Forbes and colleagues at the University of Joensuu, Finland, the Russian Academy of Sciences and the University of Cambridge, UK, have studied the Yamal-Nenets for more than four years in order to understand the factors that have made their way of life so resilient. Yamal is the only tundra region in the former Soviet Union where numbers of people and animals have increased in post-Soviet times. The research should not only help with plans for the Nenets' future survival but could also offer tips for other communities.

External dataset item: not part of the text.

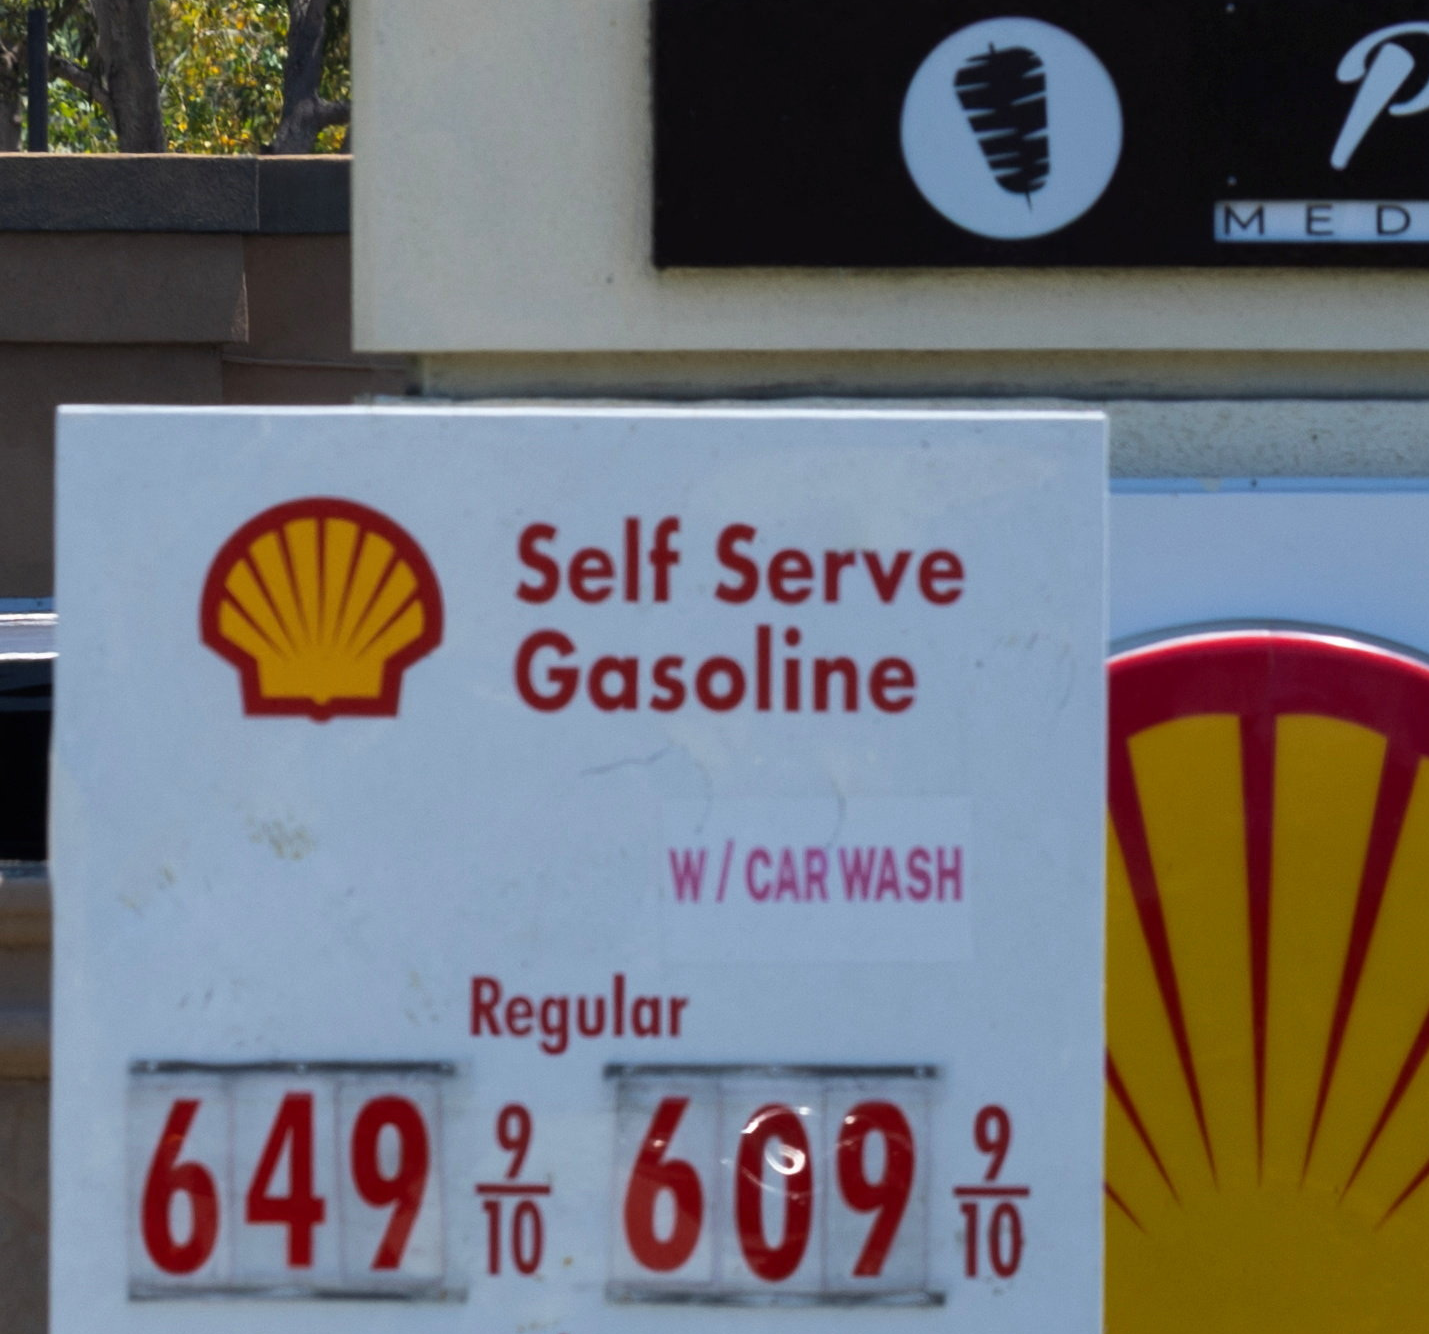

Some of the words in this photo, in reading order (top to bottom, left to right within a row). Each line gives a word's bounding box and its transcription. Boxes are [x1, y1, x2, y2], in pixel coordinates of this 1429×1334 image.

Around half of the Yamal Peninsula's 10,000 Nenet people make their living in the traditional way by herding reindeer. In recent years they have faced threats to their lifestyle from the fall of the Soviet Union, warming temperatures, and the oil and gas industry, which has brought workers and infrastructure such as roads and pipelines, as well as degradation to rivers and lakes. Average temperatures in the region have increased by 1–2 °C over the past 30 years, and the area contains some of the largest known untapped gas deposits in the world. Although gas is not yet being removed, extensive exploration work has taken place.

The Nenet have responded by adjusting their migration routes and timing, avoiding disturbed and degraded areas, and developing new economic practices and social interaction, for example by trading with workers who have moved into gas villages in the area.

To carry out the study, the team used a combination of satellite-based mapping, social anthropology and examining ground-level changes in the vegetation that the reindeer feed on. The tundra is becoming dominated by graminoid (grass) species, rather than by shrubs, because of industrial disturbance, and heavy grazing and trampling by reindeer.

"We found that free access to open space has been critical for success, as each new threat has arisen, and that institutional constraints and drivers were as important as the documented ecological changes," said Forbes. "Our findings point to concrete ways in which the Nenets can continue to coexist as their lands are increasingly fragmented by extensive natural gas production and a rapidly warming climate."

The ability to roam freely enables people and animals to exploit or avoid a wide range of natural and manmade habitats, say the researchers.

Forbes believes that for nomadism to continue over the next few decades, institutions will need to target mutual coexistence. And top-down management is not enough. "Management must be adaptive," he said. "This is an old principle in business, which needs to fix quickly what does not work in order to remain profitable, but seems to have failed in fields like conservation biology. Species continue to disappear and ecosystems degrade around the world despite the large number of ostensibly protected areas and ostensibly proactive environmental management regimes."

The researchers believe that they have found mechanisms that can bridge the gap between top-level administrators and experienced personnel and local residents on the ground. "There is a broad movement afoot lately to set up mitigation and adaptation regimes to handle rapid environmental change," said Forbes. "Our work shows that local people have an important role to play, one that is every bit as useful and informative as that of the scientists and administrators charged with managing complex social-ecological systems."

Now Forbes and colleagues plan to extend their analysis further back into the 1000 years that the Nenets have lived in the area. "There is much yet to find out about how they dealt with past changes, since the climate has been by no means static in the last millennium," said Forbes. "It would appear that the Nenets have been resilient for a long time and therefore, as scientists, we still have a lot to learn from them and from the tundra itself."

The researchers reported their work in PNAS.